A paper by Obertegger U., Corradini S., and Cerasino L. published on Freshwater Biology
ABSTRACT
Only recently the under-ice period is recognised as a time of plankton activity. However, most studies on under-ice zooplankton focus on low-land lakes over relatively short temporal scales; long-term under-ice zooplankton dynamics in mountain lakes remain largely unknown.

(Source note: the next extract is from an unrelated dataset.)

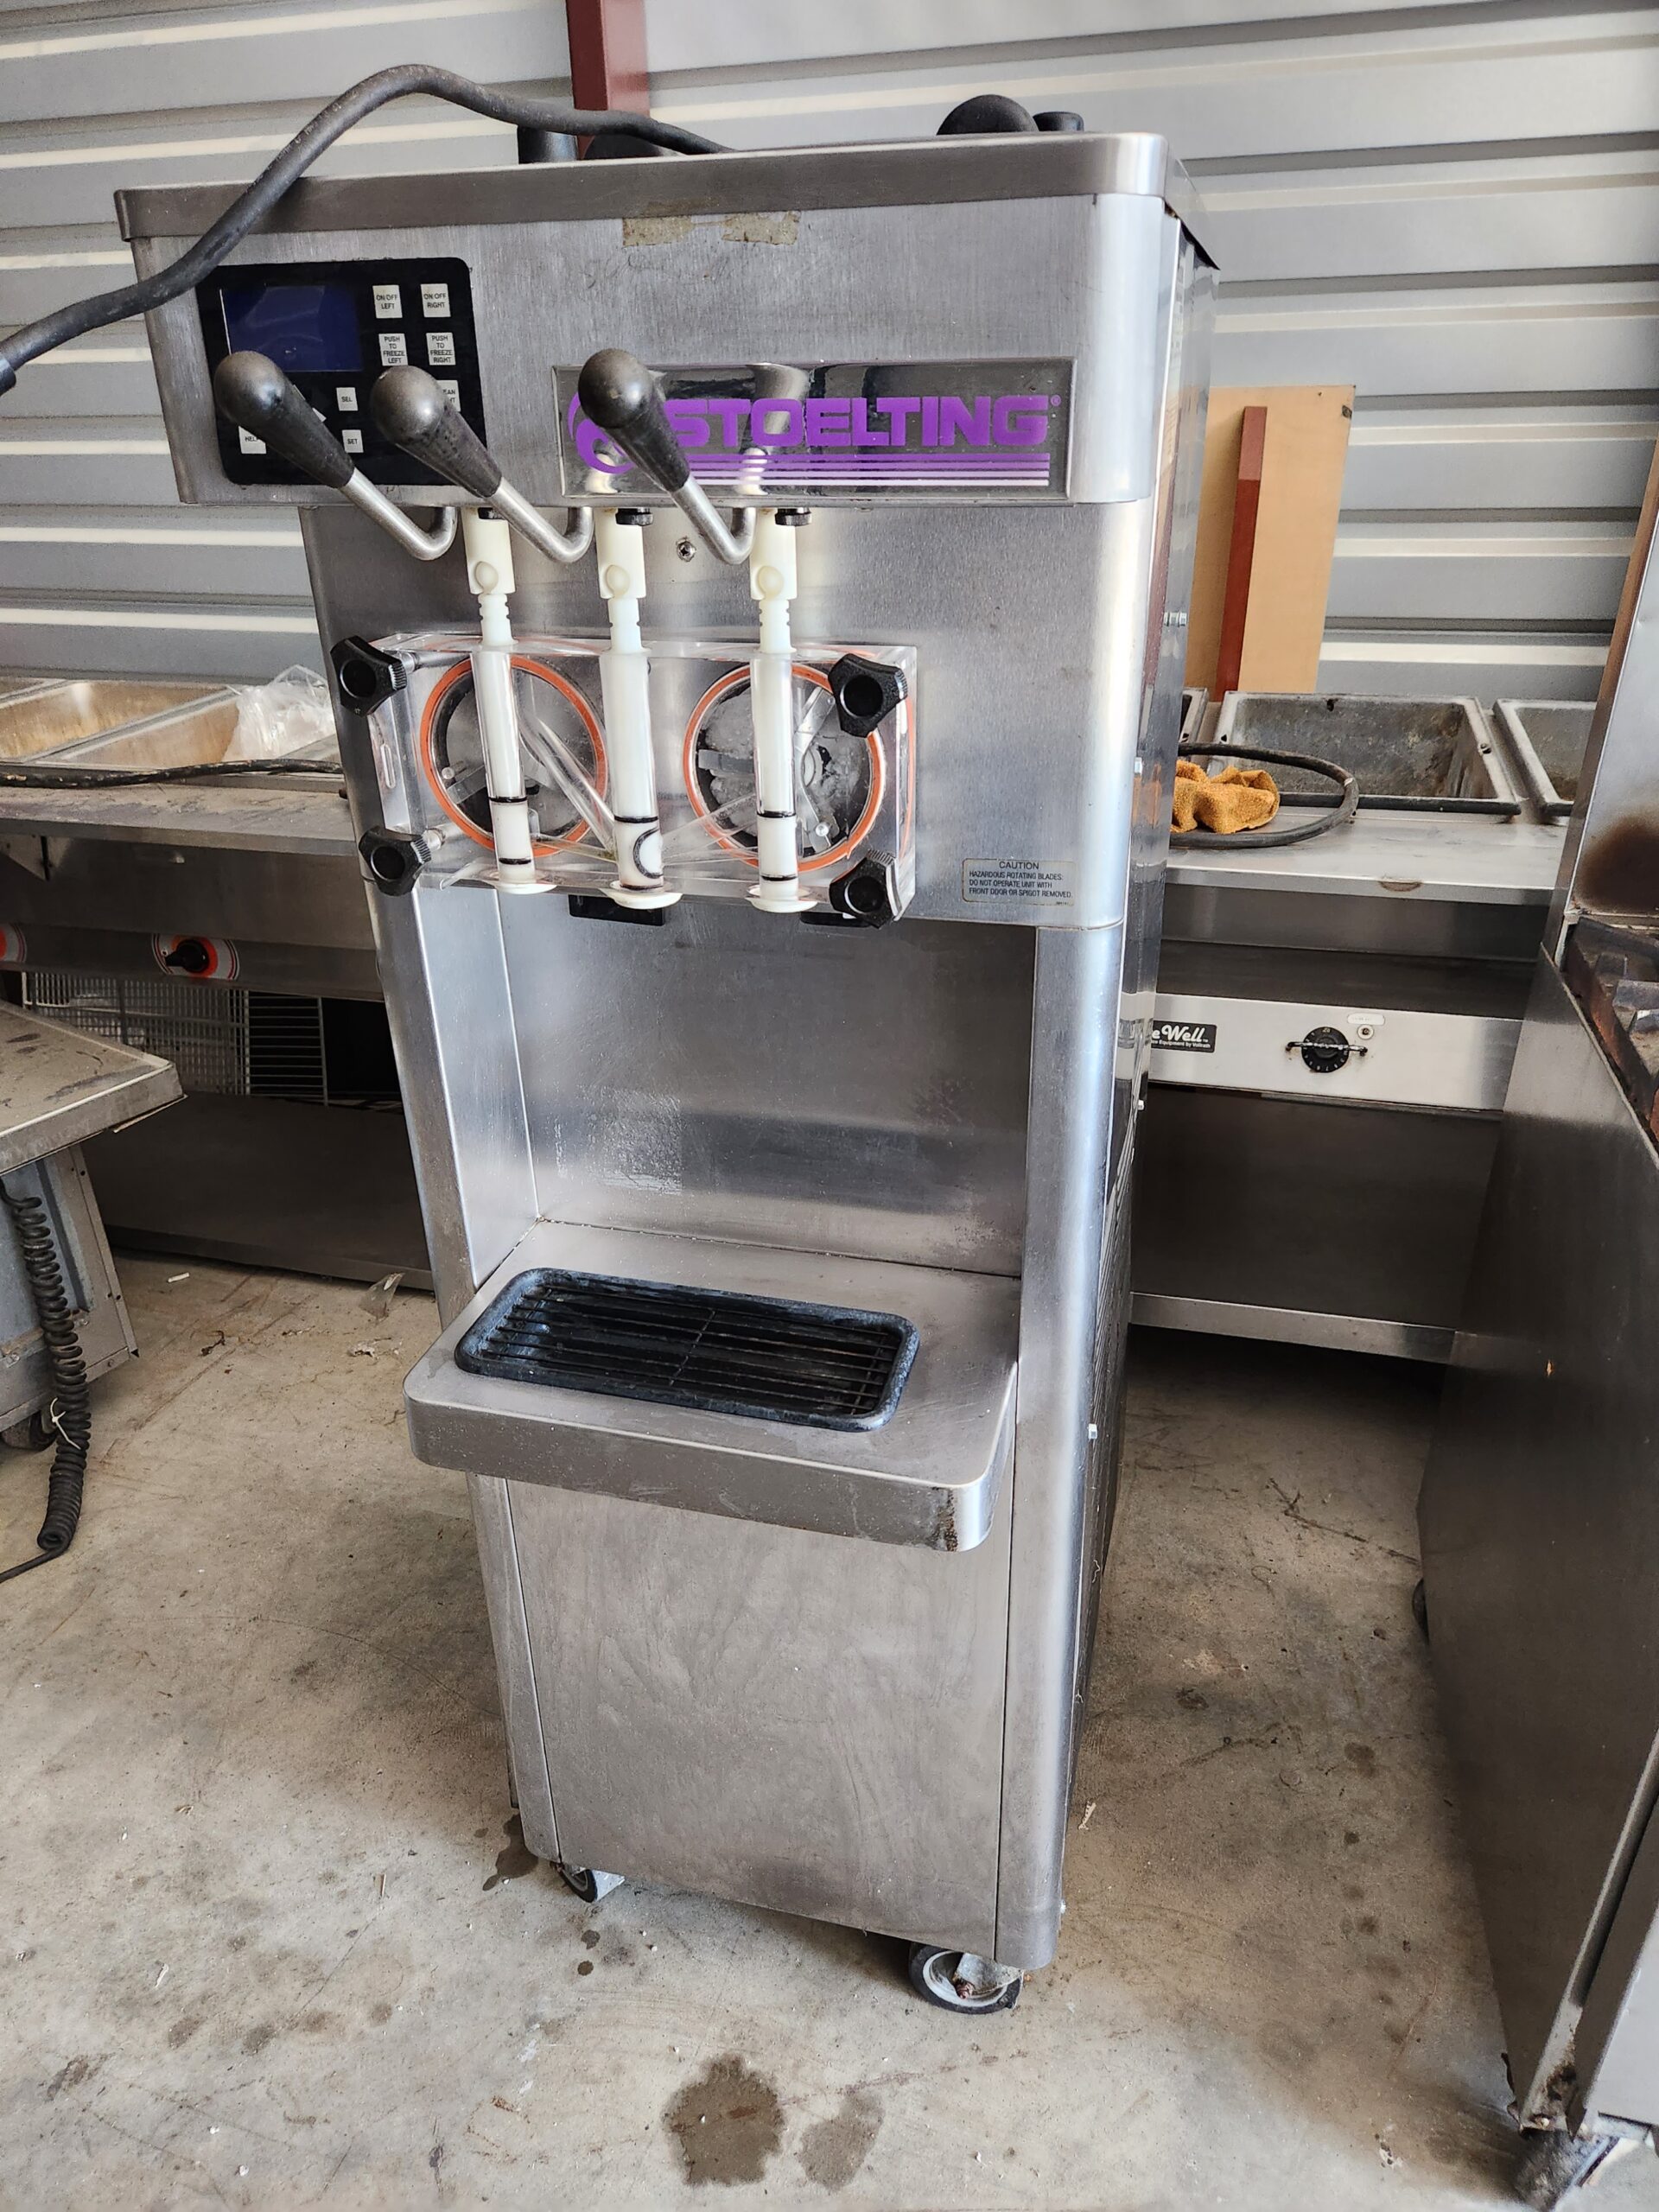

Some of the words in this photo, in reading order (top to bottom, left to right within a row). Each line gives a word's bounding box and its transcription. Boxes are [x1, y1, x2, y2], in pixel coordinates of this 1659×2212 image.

[664, 395, 1050, 448] STOELTING
[999, 861, 1039, 869] CAUTION
[1007, 871, 1037, 880] ROTATING
[993, 880, 1020, 888] OPERATE

We compared the under-ice zooplankton community (one sampling per year; n = 11) to that of the ice-free seasons (monthly samplings) of mountain Lake Tovel. The considered timeframe (2001–2023) covered the period of an ecosystem change linked to intensified autumn mixing. To avoid confounding the effect of this ecosystem change with a seasonal effect, we first investigated the general patterns of abundance and biomass of rotifers and crustaceans for the years considered to determine the periods conforming to the ecosystem change (period 1: weak mixing; period 2: strong mixing).

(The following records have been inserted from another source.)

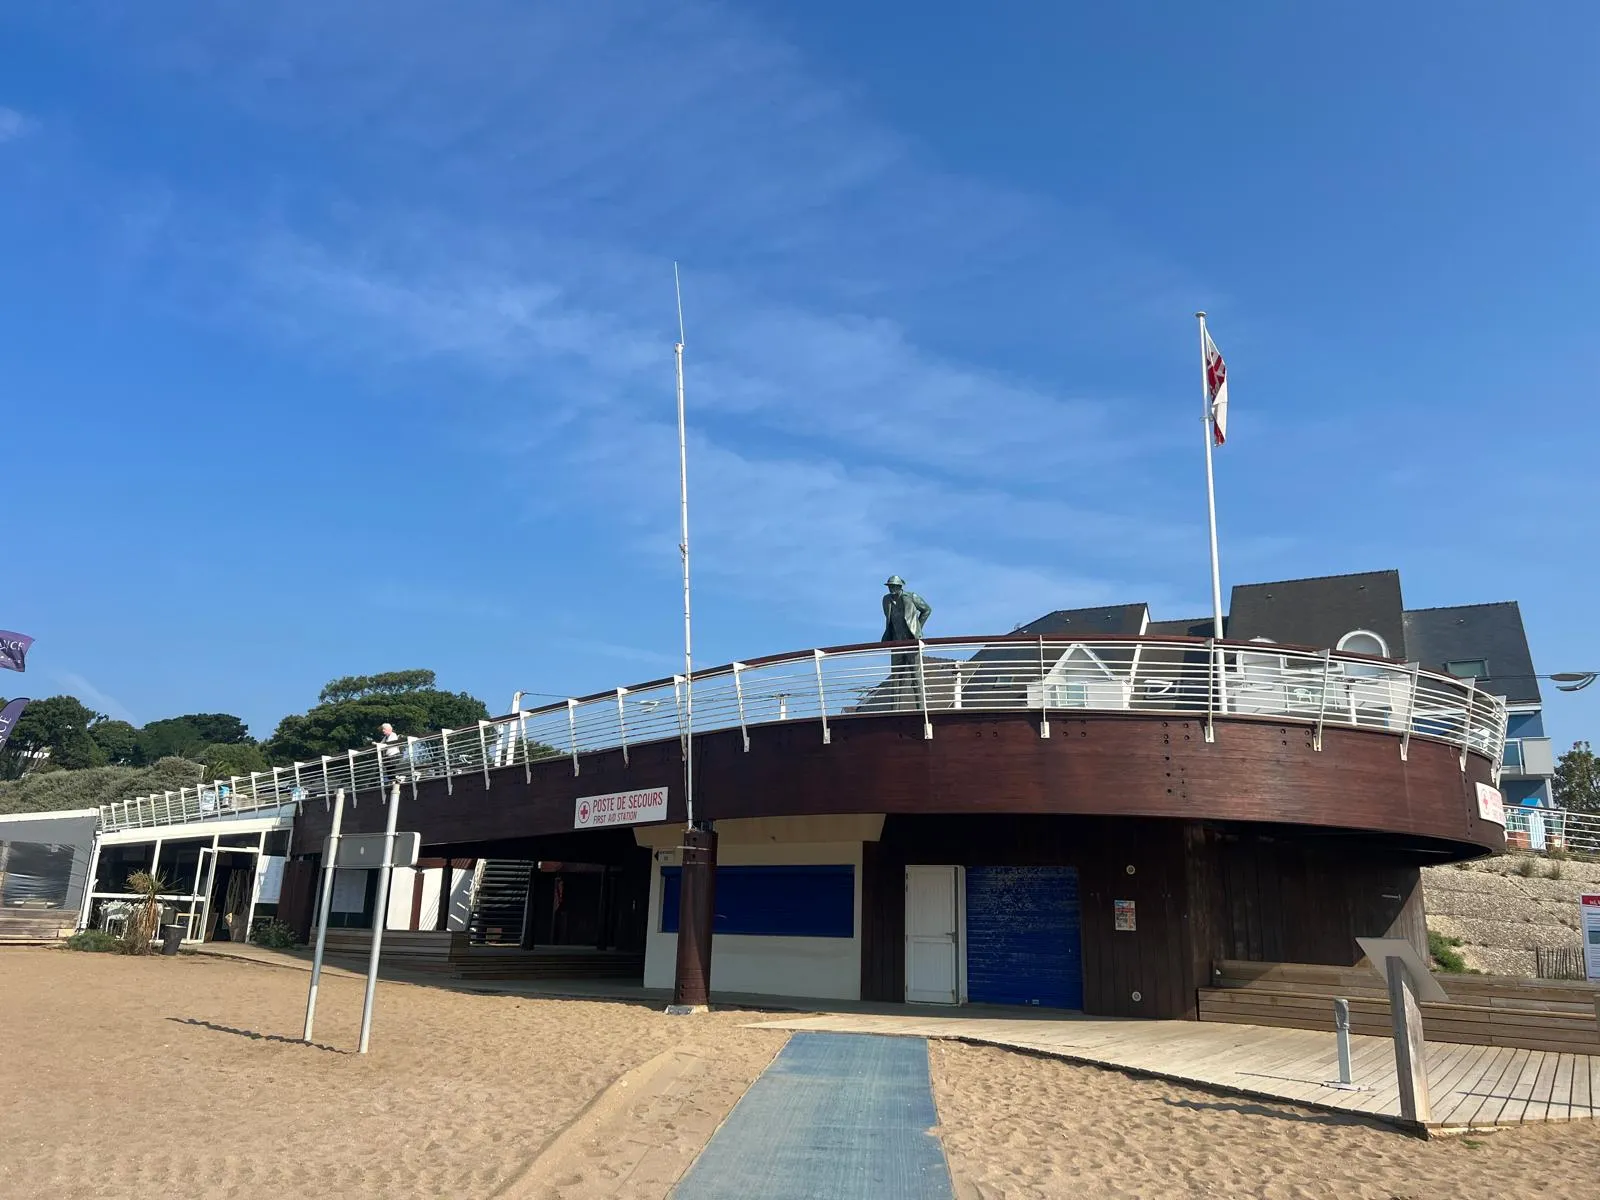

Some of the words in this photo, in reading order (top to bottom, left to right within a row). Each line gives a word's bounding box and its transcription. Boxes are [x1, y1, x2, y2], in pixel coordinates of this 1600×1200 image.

[593, 798, 614, 813] POSTE
[616, 796, 626, 810] DE
[628, 792, 662, 808] SECOURS
[593, 815, 606, 824] FIRST
[608, 813, 616, 822] AID
[617, 811, 637, 822] STATION

Rotifers and crustaceans were sampled by a net (50 μm mesh size) from 35 m depth to the surface. Rotifer abundance and biomass were higher in period 1 (the years 2001, 2003, 2011, 2014 and 2016) than in period 2 (the years 2017, 2018, 2019, 2021, 2022 and 2023) conforming to the ecosystem change. We applied a taxonomic and functional perspective on zooplankton diversity as complementary approaches to investigate season and period differences.
With two-way ANOVA (period and season effect) considering temporal dependence and heterogeneity of data, taxonomic indices (abundance, biomass, species richness) and functional indices (effective number of functional groups, effective number of common functional groups, functional richness) of rotifers showed higher mean values during period 1 than period 2, while taxonomic indices of crustaceans (species richness, effective number of common species, effective number of dominant species) showed the opposite pattern. Thus, the ecosystem change linked to altered mixing patterns favoured crustaceans over rotifers. NMDS ordinations with taxonomic (species identity) and functional diversity (functional entities and community weighted mean trait values) of rotifers showed a splitting between periods but generally not between seasons. The prevailing absence of seasonal differences was linked to the lake’s cold-water temperature year-round.

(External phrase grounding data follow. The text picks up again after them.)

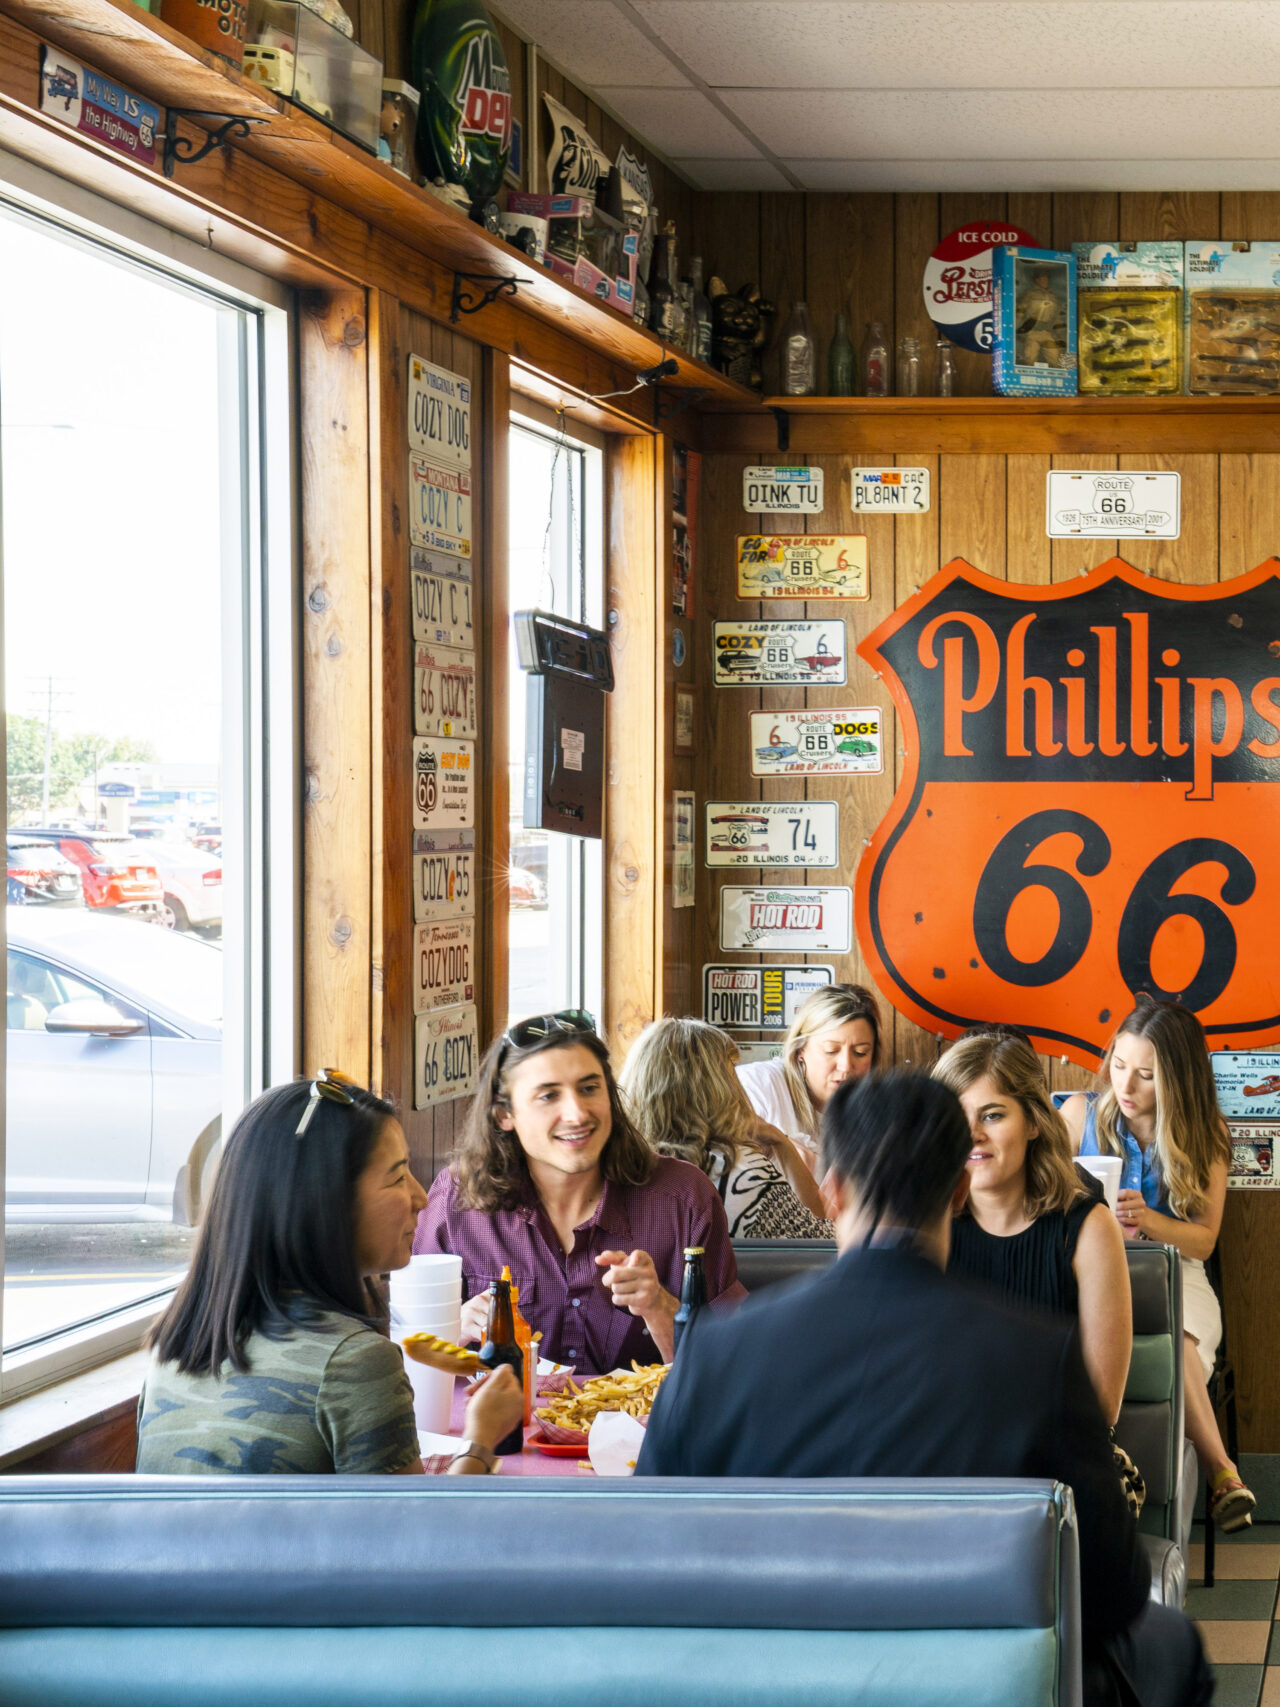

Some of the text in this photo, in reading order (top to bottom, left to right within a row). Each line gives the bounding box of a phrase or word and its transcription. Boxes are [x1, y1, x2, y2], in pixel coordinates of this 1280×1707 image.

[218, 16, 243, 43] OIL
[88, 76, 140, 118] My Way IS
[86, 106, 138, 151] the Highway
[958, 231, 1019, 243] ICE COLD
[425, 372, 456, 398] VIRGINIA
[414, 391, 469, 450] COZY DOG
[428, 468, 460, 493] MONTANA
[904, 474, 923, 484] CAL
[1098, 481, 1130, 489] ROUTE
[749, 485, 818, 503] OINK TU
[421, 485, 463, 533] COZY C
[1101, 498, 1126, 513] 66
[1101, 515, 1145, 526] ANNIVERSARY
[791, 561, 813, 576] 66
[837, 550, 848, 571] 6
[415, 575, 458, 626] COZY C
[716, 636, 766, 649] COZY
[817, 634, 828, 655] 6
[767, 649, 788, 662] 66
[421, 670, 468, 719] 66 COZY
[798, 714, 833, 722] ILLINOIS
[806, 725, 827, 733] ROUTE
[834, 722, 878, 735] DOGS
[769, 725, 781, 747] 6
[805, 735, 828, 750] 66
[418, 773, 435, 807] 66
[731, 833, 747, 845] 66
[788, 819, 816, 851] 74
[422, 856, 469, 901] COZY 55
[752, 905, 821, 929] HOT ROD
[972, 808, 1257, 1014] 66
[420, 944, 469, 990] COZYDOG
[713, 974, 758, 989] HOT ROD
[763, 970, 782, 1013] TOUR
[711, 992, 758, 1022] POWER
[431, 1015, 463, 1037] Illinois
[764, 1015, 782, 1025] 2006
[424, 1034, 473, 1088] 66 COZY
[1238, 1129, 1250, 1137] 20

The similarity of rotifer functional feeding preferences of the last 2 years of period 2 (2022 and 2023) to that of period 1 indicated that mixing intensity was declining again, a result not shown by taxonomy. From the last autumn to under-ice sampling, Filinia terminalis, Kellicottia longispina, Keratella hiemalis, Polyarthra dolichoptera, Synchaeta kitina, S. lakowitziana, Bosmina longirostris and nauplii and adults of Cyclops strenuus increased in abundance that we attributed to reproduction under ice. Under-ice
indicator taxa were only found during period 2, namely F. terminalis and S. lakowitziana.
Our study showed that in mountain Lake Tovel the under-ice period is characterised by a similar high zooplankton diversity as during the ice-free period. Studies like ours, covering both taxonomic and functional diversity, are more needed to understand under-ice zooplankton communities.